I am currently analyzing one job portal web application in which there is an open redirect vulnerability. Vulnerability description is as follows:

Request type: GET
Vulnerable Parameter: dest
Secondary Parameter: passrx

If I follow full method to exploit this vulnerability, then vulnerability will be exploited successfully. If I copy this URL from burpsuite and give that URL to someone else after crafting it then it wont be executed successfully as this URL also passes another parameter named passrx with unique encrypted token.

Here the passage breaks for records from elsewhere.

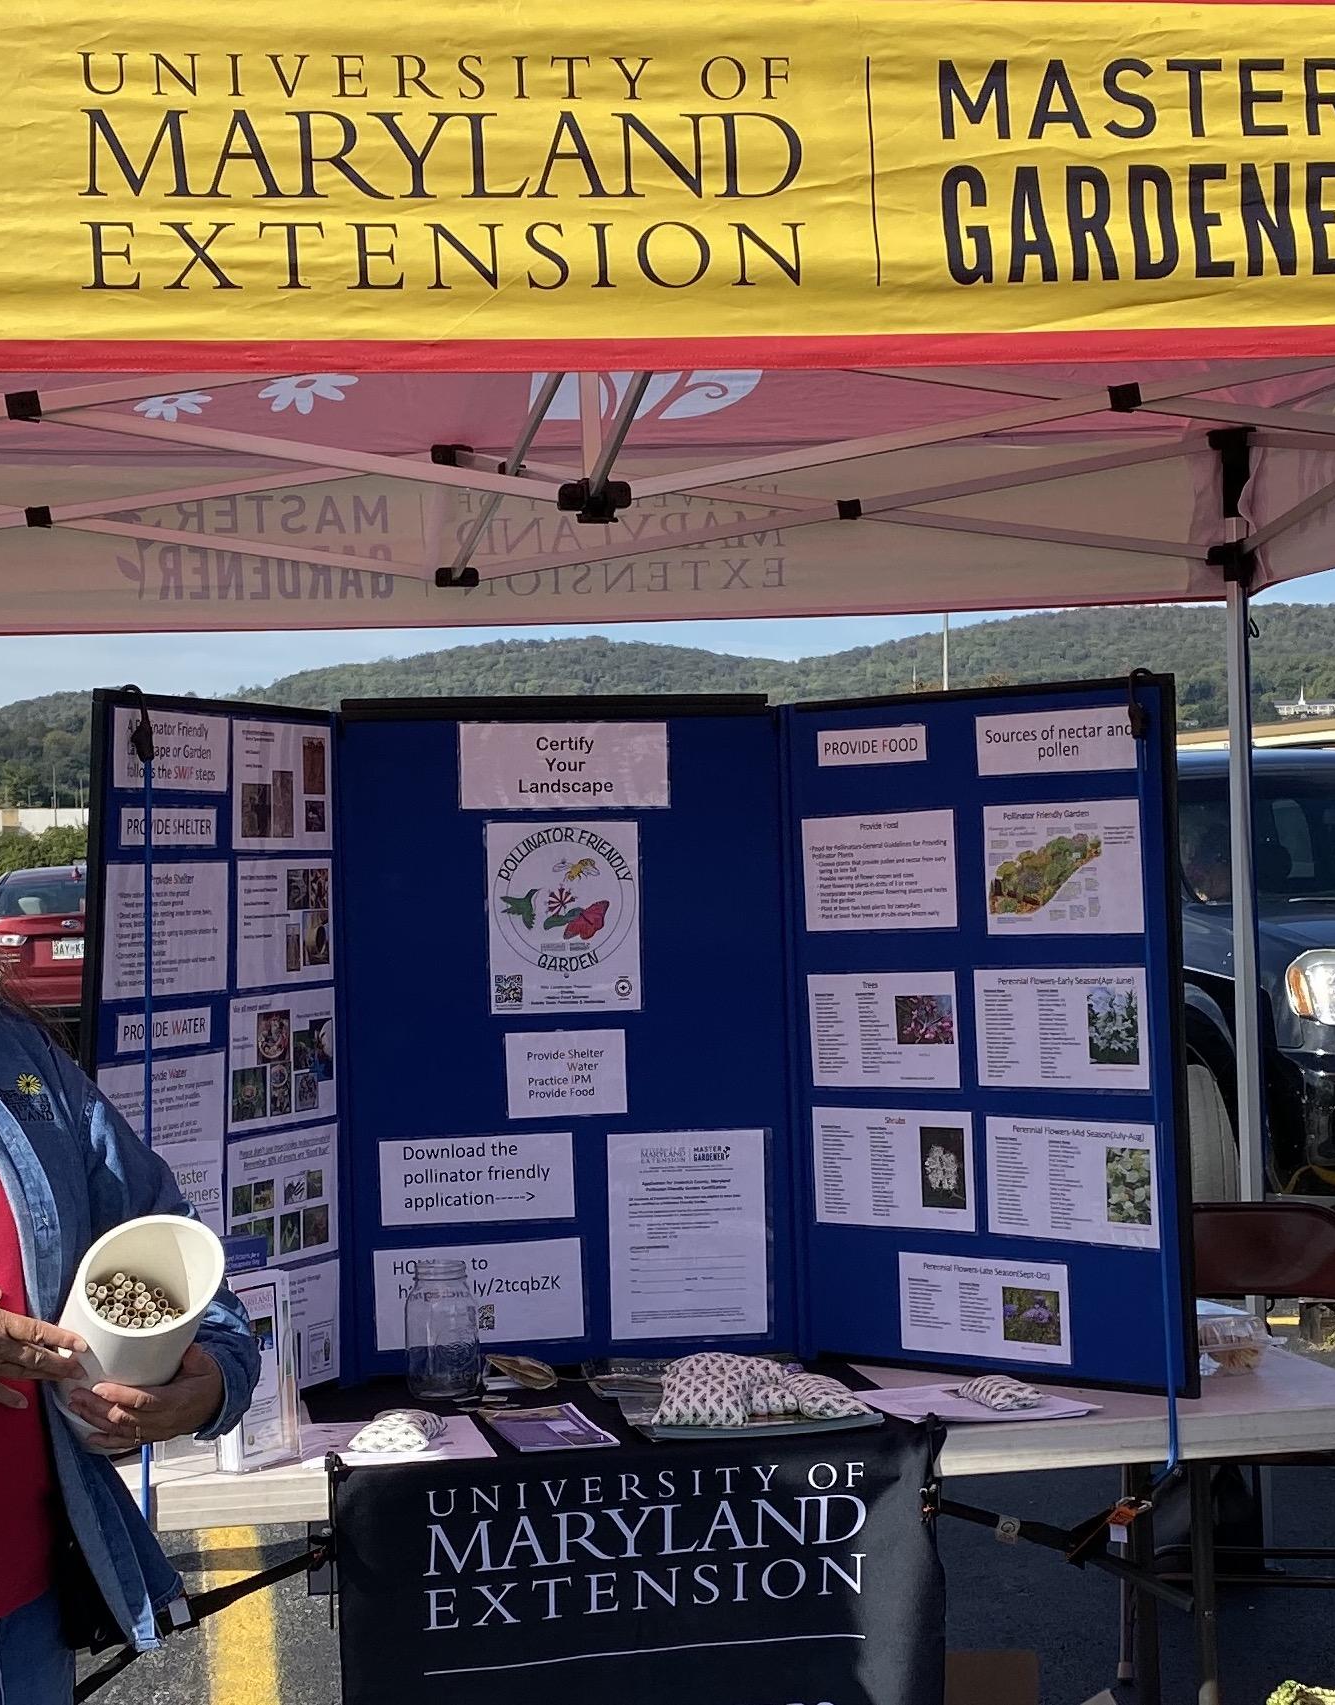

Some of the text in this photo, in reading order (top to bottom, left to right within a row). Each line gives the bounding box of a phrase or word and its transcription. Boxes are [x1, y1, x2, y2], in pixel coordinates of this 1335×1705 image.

[79, 51, 791, 100] UNIVERSITY OF
[79, 109, 802, 199] MARYLAND
[83, 221, 804, 290] EXTENSION
[135, 719, 175, 735] Pinator
[985, 723, 1133, 744] Sources of nectar and
[127, 743, 170, 758] Laape
[183, 745, 211, 760] Garden
[536, 736, 594, 754] Certify
[824, 738, 918, 756] PROVIDE FOOD
[1038, 743, 1079, 761] pollen
[127, 763, 155, 778] follos
[157, 764, 172, 778] the
[545, 758, 586, 772] Your
[519, 779, 614, 796] Landscape
[1003, 809, 1090, 820] Pollinator Friendly Garden
[173, 819, 212, 835] SHELTER
[498, 827, 634, 881] POLLINATOR FRIENDLY
[538, 951, 599, 972] GARDEN
[862, 981, 878, 989] Trees
[123, 1017, 206, 1041] PROIDE WATER
[527, 1049, 604, 1061] Provide Shelter
[567, 1061, 599, 1071] Water
[528, 1074, 592, 1086] Practice IPM
[529, 1087, 595, 1100] Provide Food
[1012, 1125, 1043, 1134] Perennial
[403, 1142, 518, 1161] Download the
[693, 1152, 724, 1162] GARDENER
[404, 1164, 550, 1187] pollinator friendly
[180, 1186, 220, 1201] deners
[471, 1257, 488, 1271] to
[428, 1460, 864, 1517] UNIVERSITY OF
[424, 1495, 865, 1575] MARYLAND
[424, 1553, 865, 1632] EXTENSION

The value of this parameter is unique every time. For this vulnerability no user authentication is needed. I tried couple of bypasses as follows:

  1. I removed the passrx parameter along with its value and forwarded request to the server. It gave me a 404 error page.

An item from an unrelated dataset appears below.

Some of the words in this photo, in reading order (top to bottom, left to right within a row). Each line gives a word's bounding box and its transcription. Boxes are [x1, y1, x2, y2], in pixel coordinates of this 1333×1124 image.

  2. I tried to decode the value of passrx parameter. I was unable to find any decoding algorithm and since the token is unique every time it did not help me out.

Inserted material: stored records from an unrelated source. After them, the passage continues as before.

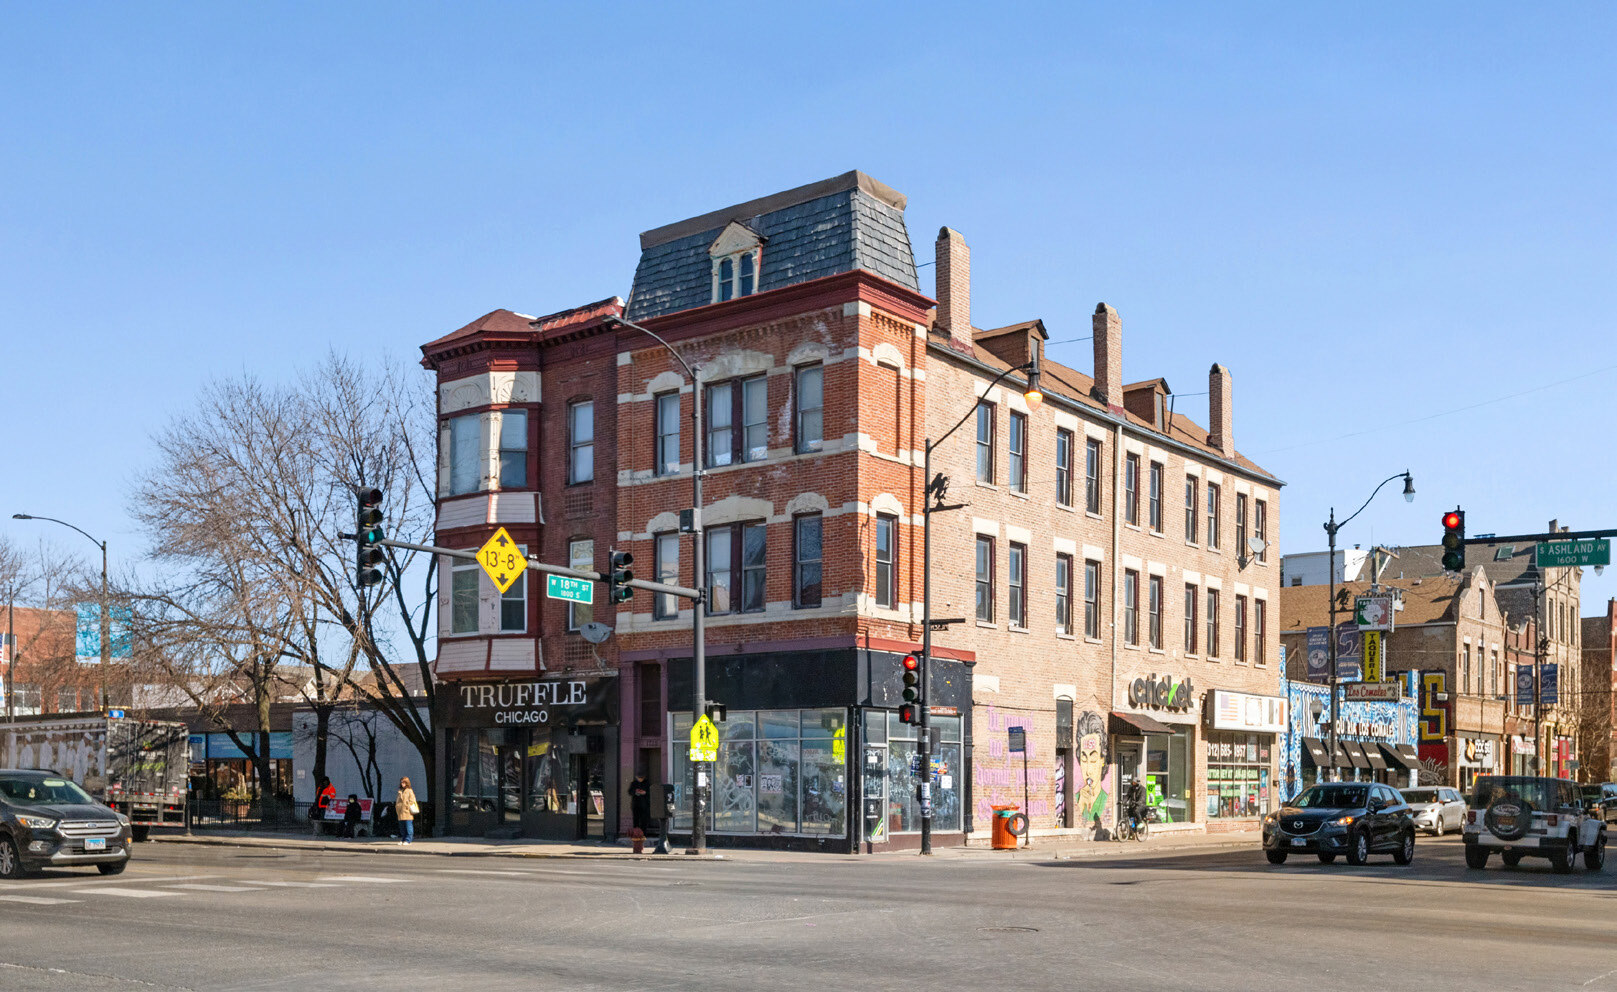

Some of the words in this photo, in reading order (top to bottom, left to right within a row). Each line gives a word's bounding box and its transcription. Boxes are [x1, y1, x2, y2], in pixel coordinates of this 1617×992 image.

[1540, 546, 1545, 555] S
[1548, 543, 1593, 555] ASHLAND
[1597, 543, 1607, 552] AV
[1557, 556, 1577, 564] 1600
[1581, 555, 1589, 563] W
[560, 579, 578, 589] 18TH
[575, 591, 580, 599] S
[1367, 633, 1377, 681] TAQUERIA
[460, 681, 587, 708] TRUFFLE
[1131, 673, 1195, 708] cricket
[495, 710, 548, 723] CHICAGO
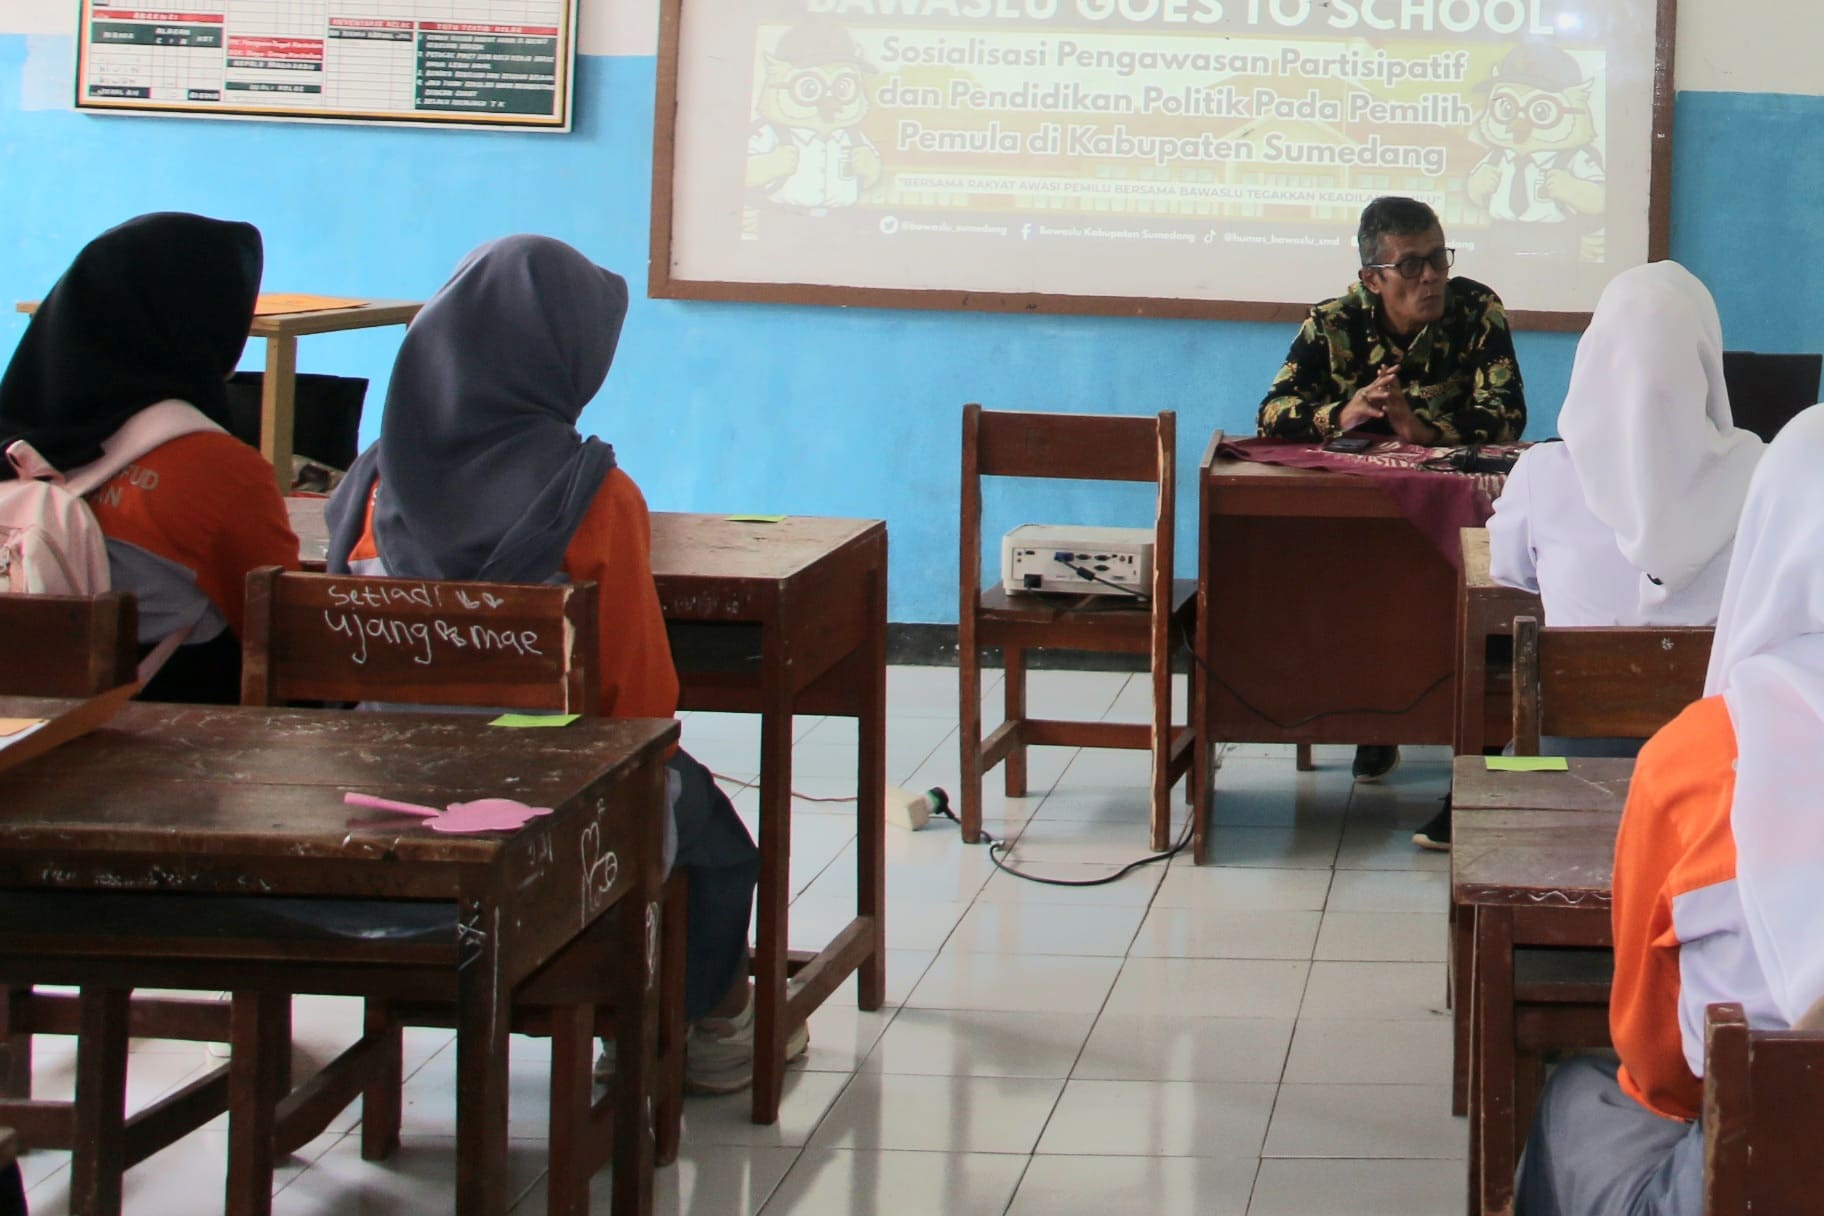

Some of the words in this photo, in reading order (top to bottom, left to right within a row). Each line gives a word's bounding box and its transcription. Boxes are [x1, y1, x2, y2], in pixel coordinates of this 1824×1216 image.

[880, 35, 1048, 67] Sosialisasi
[1056, 40, 1272, 77] Pengawasan
[1279, 47, 1469, 87] Partisipatif
[878, 77, 941, 107] dan
[950, 78, 1133, 112] Pendidikan
[1142, 85, 1251, 120] Politik
[1254, 88, 1340, 121] Pada
[1348, 92, 1473, 125] Pemilih
[897, 120, 1021, 154] Pemula
[1028, 124, 1060, 154] di
[1068, 125, 1254, 166] Kabupaten
[1263, 133, 1446, 175] Sumedang
[968, 178, 1015, 191] RAKYAT
[1019, 180, 1061, 192] AWASI
[1115, 184, 1176, 195] BERSAMA
[1180, 187, 1243, 198] BAWASLU
[1247, 189, 1315, 200] TEGAKKAN
[1318, 191, 1376, 203] KEADILA
[1084, 226, 1140, 240] Kabupaten
[1141, 228, 1196, 243] Sumedang

  3. I started executing whole scenario again with the help of burpsuite. When I got this request in burpsuite, I dropped the request and didn't froward to server in order to not use that unique token. I copied URL and gave to my friend who is residing in adjacent network and hoped that since token was not used, it might be executed now by my friend who is residing in an adjacent network. It also gave him a 404 error page.

Since this is a non-persistent scenario, is there any way by which I can make this persistent and able to be exploited over a remote or adjacent network?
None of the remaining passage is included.